Others have provided relentless effort, including ex-Leafs Connor Brown and Tyler Ennis. They have been solid at even strength and on the penalty kill, which has earned them some power-play time — especially Ennis, who has 11 goals and 24 points after a slow start.
Nick Paul was called up from AHL Belleville in mid-October and has been a workhorse. Smith has called him the conscience of every line he is on. High praise. With six goals and 13 points, he has started to chip in offensively.
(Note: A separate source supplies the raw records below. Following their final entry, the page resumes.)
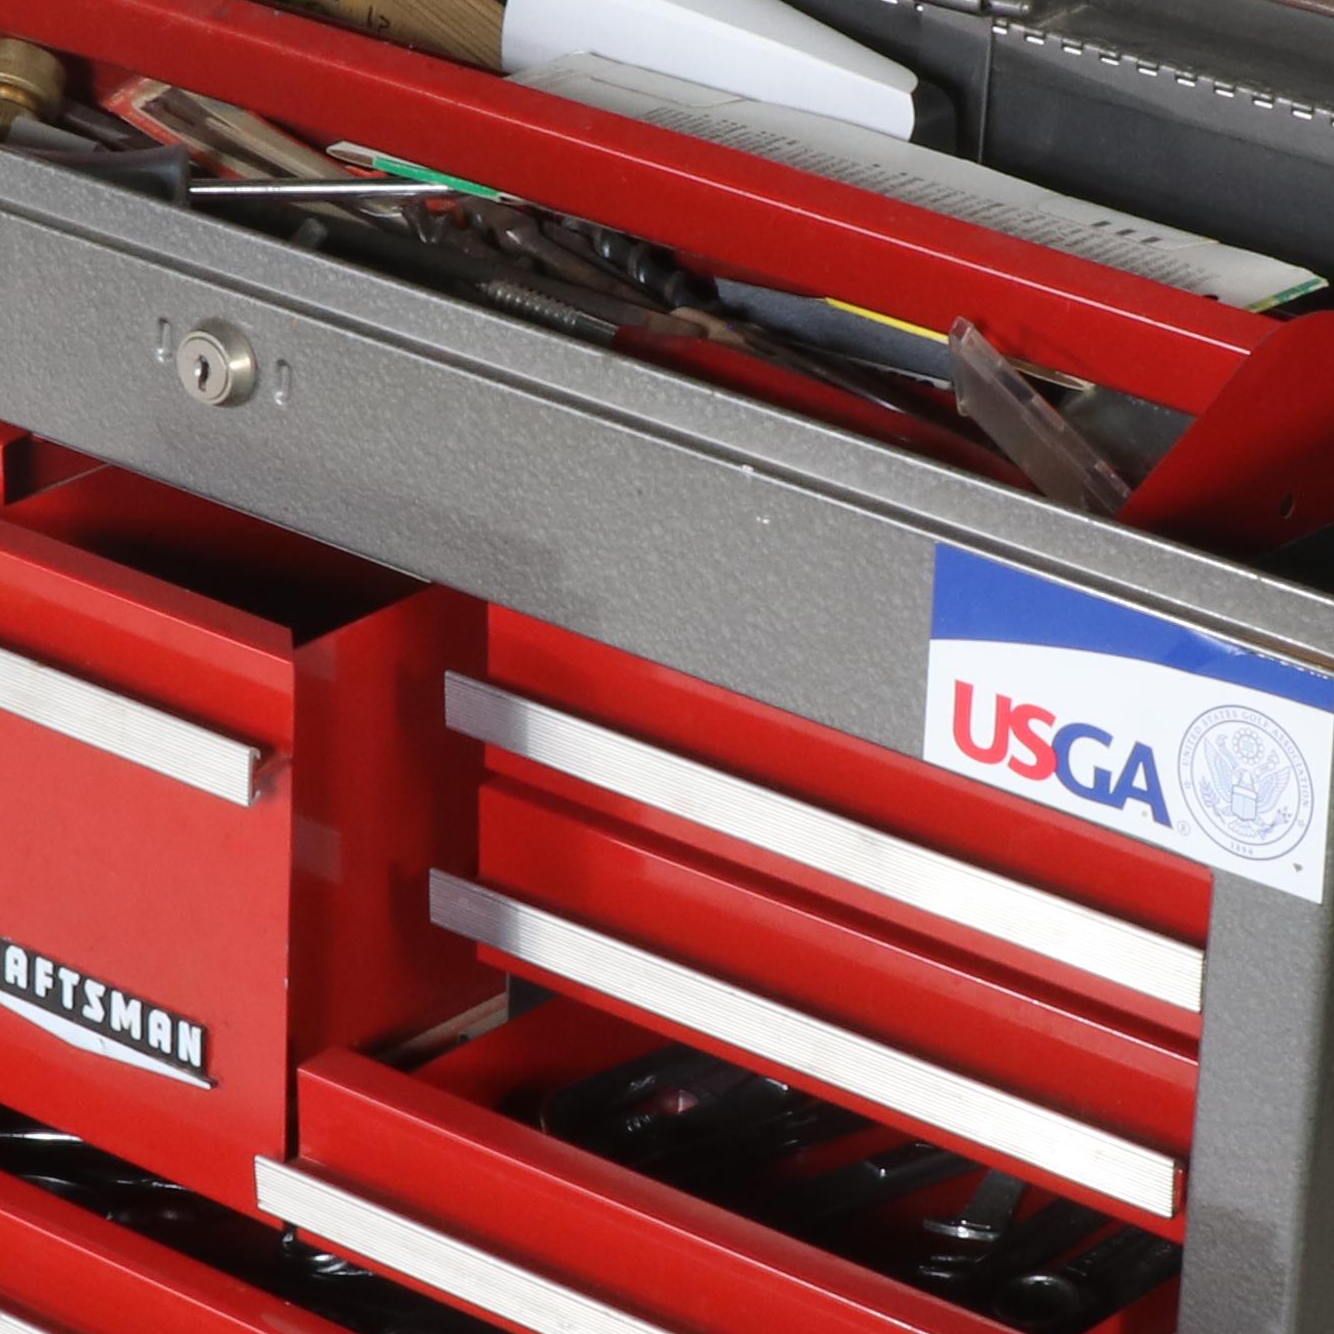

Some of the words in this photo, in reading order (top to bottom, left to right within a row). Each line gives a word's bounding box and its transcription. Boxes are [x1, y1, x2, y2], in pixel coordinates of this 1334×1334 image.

[953, 679, 1173, 829] USGA
[1181, 725, 1203, 767] UNITED
[1201, 709, 1238, 728] STATES
[1241, 710, 1270, 729] GOLF
[1271, 728, 1310, 808] ASSOCIATION
[1229, 841, 1255, 857] 1894
Vladislav Namestnikov made an early impact after being picked up in a trade, but has faded with two points in his past 11 games. Colin White, who signed a significant contract in the off-season, is desperate for some production and confidence. He has three goals, seven assists and is minus-nine.
Some of the most intriguing forward prospects are still in Belleville, plugging along and putting up points for the B-Sens.
Overall grade: C+
When healthy, and combined with above-average goaltending (which came and went) to bail them out, the Senators’ six defencemen have held their own. But they still give up too many chances. It’s all relative. When DeMelo, Zaitsev and Hainsey all went down with injuries in late December, the roof fell in.
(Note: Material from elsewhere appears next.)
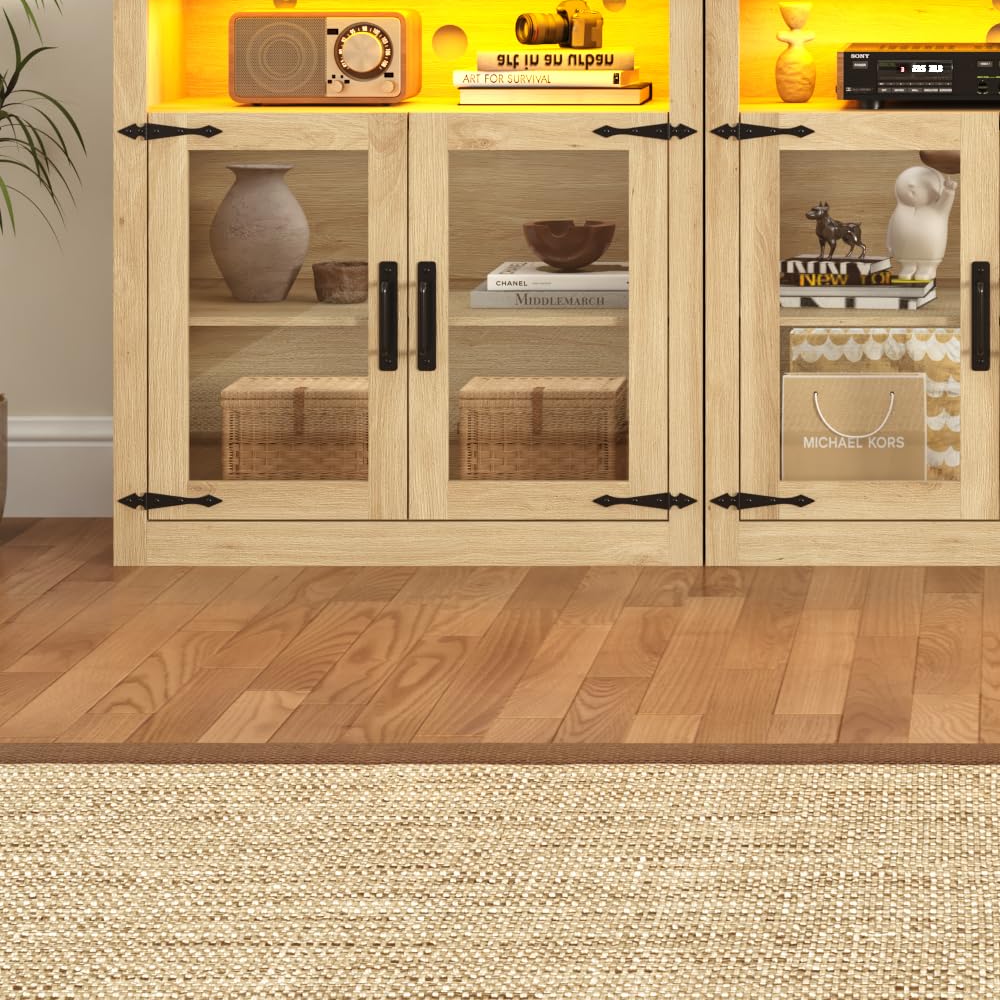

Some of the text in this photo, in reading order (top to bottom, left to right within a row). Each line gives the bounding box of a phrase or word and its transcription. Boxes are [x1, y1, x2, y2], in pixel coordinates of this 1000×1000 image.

[462, 74, 551, 84] ART FOR SURVIVAL
[514, 293, 605, 306] MIDDLEMARCH
[803, 436, 905, 449] MICHAEL KORS
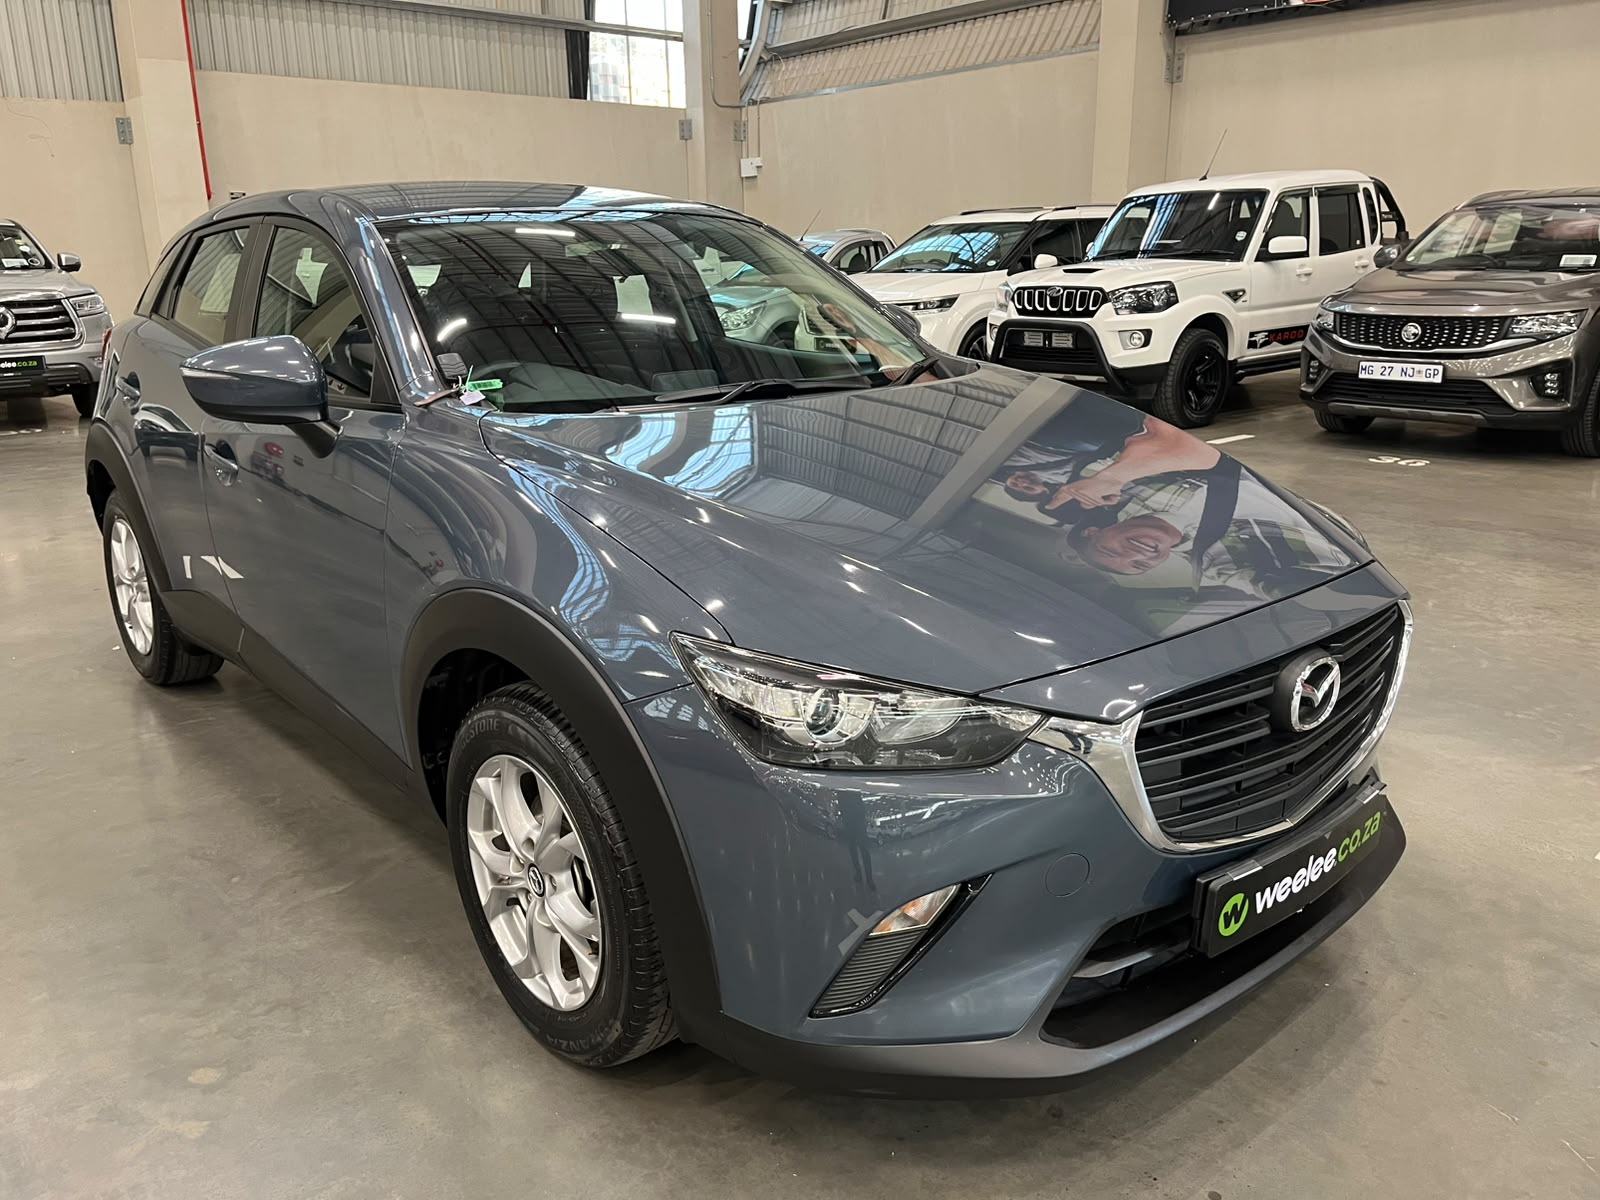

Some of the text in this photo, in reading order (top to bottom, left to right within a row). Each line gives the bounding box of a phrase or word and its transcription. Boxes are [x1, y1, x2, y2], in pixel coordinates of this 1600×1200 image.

Ottawa’s young star, Thomas Chabot, tried to pick up the slack, playing more than 31 minutes per game in four straight appearances. After signing a long-term contract before the season, Chabot was pressing a bit early on but has settled into becoming the franchise defenceman he was forecast to be.
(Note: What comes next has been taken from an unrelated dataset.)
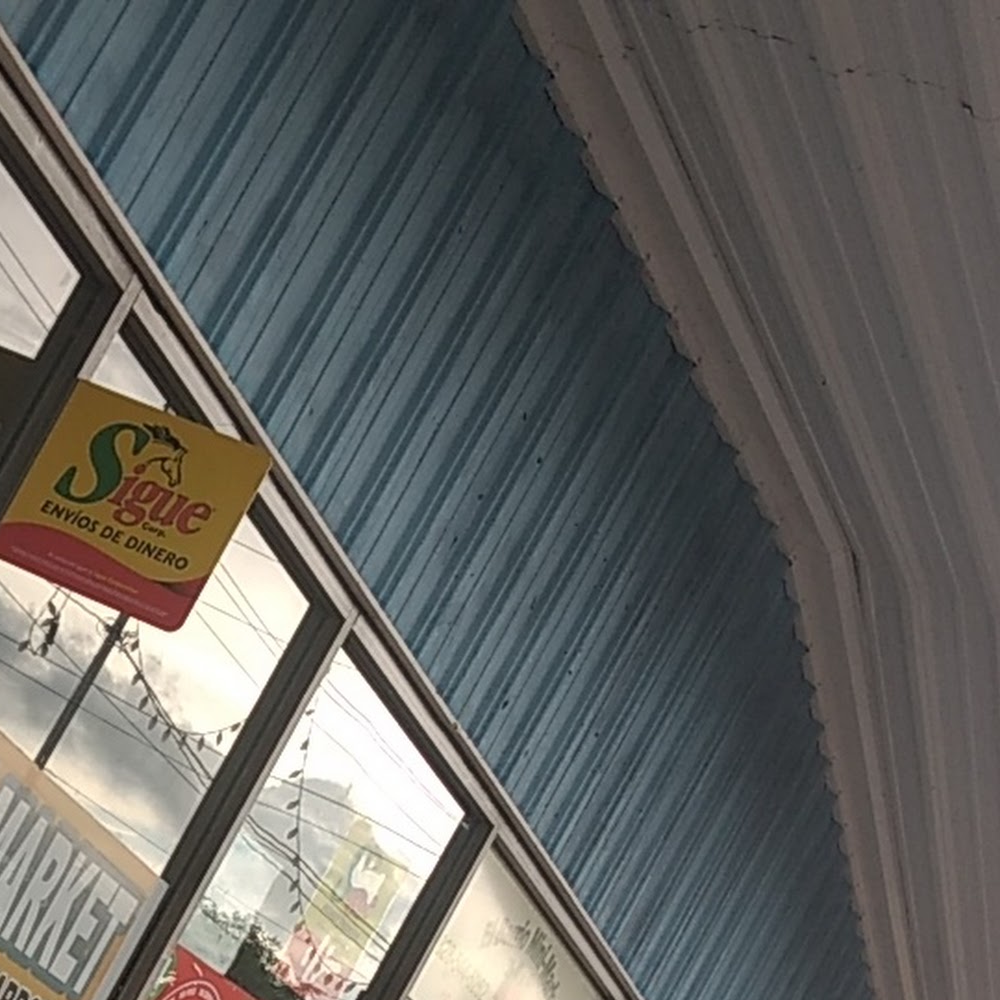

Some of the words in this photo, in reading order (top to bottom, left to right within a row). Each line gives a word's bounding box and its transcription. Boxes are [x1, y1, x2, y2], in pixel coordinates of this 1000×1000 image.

[54, 422, 212, 535] Sigue
[40, 499, 99, 533] ENVÍOS
[99, 525, 123, 544] DE
[124, 534, 189, 571] DINERO
DeMelo has been solid in an expanded role from his first years in San Jose. Zaitsev, playing 22:31 on average, and Hainsey (19:41) are also doing heavier lifting than they were asked to with the Toronto Maple Leafs last season.
Borowiecki, the classic stay-home-and-pound kind of D-man, has shocked everyone with his five goals and 11 assists in 42 games. Those are career-high offensive numbers for the 30-year-old journeyman.
Rookie Erik Brannstrom, who spent most of the fall in Ottawa, was sent back to Belleville in early December and returned as an injury replacement much improved from his extra time in the AHL. Brannstrom is now back in Belleville.
Considering Borowiecki, DeMelo and Hainsey are all pending free agents, Ottawa’s defence could soon look very different and Brannstrom could be getting lots of work again. Mike Reilly was picked up via trade with Montreal last week for depth.
Overall grade: C
In an Oct. 17 game against the Las Vegas Knights, Nilsson faced 54 shots and lost 3-2 in a shootout. Nilsson’s early numbers were strong, but he faded in December before going down with a concussion and may not be back before the all-star break. He is 9-9-2 with a .908 save percentage and 3.18 goals-against average in 20 games played, pretty decent numbers behind a limited lineup.
The Senators’ perennial starter, Anderson, 38, is a pending free agent and could move before the deadline. Anderson is 6-10-1 with a .900 save percentage and 3.12 goals-against average, also in 20 games.
Marcus Hogberg showed pretty well in parts of six games (1-2-2).
Overall grade: C+
Smith’s first months on the job have made Dorion look smart in picking him over other, more likely candidates. The former Maple Leafs assistant under Mike Babcock has provided exactly what the Senators needed — a change in atmosphere from the Guy Boucher era and a shot in the arm to developing prospects.
Most of Ottawa’s young players are better today than they were in October. Young and old Senators rave about the human element Smith brings to the rink. Importantly, for someone presiding over a young-ish roster, Smith has an outstanding bench demeanour, never loses his mind and has a way of keeping things in perspective.
“I would say we’re in a really good spot for the franchise, for me, this first 41 games,” Smith says. “I think a lot of players got to play minutes, a lot of guys have gotten better. If you look at Tkachuk and Chabot, they’re playing important minutes and they’re a big piece of this.
“I think our culture is very good, I think players know what to expect. And I think everything is trending in the right direction.”
Associate coach Jack Capuano has done a nice job with Ottawa’s penalty killing.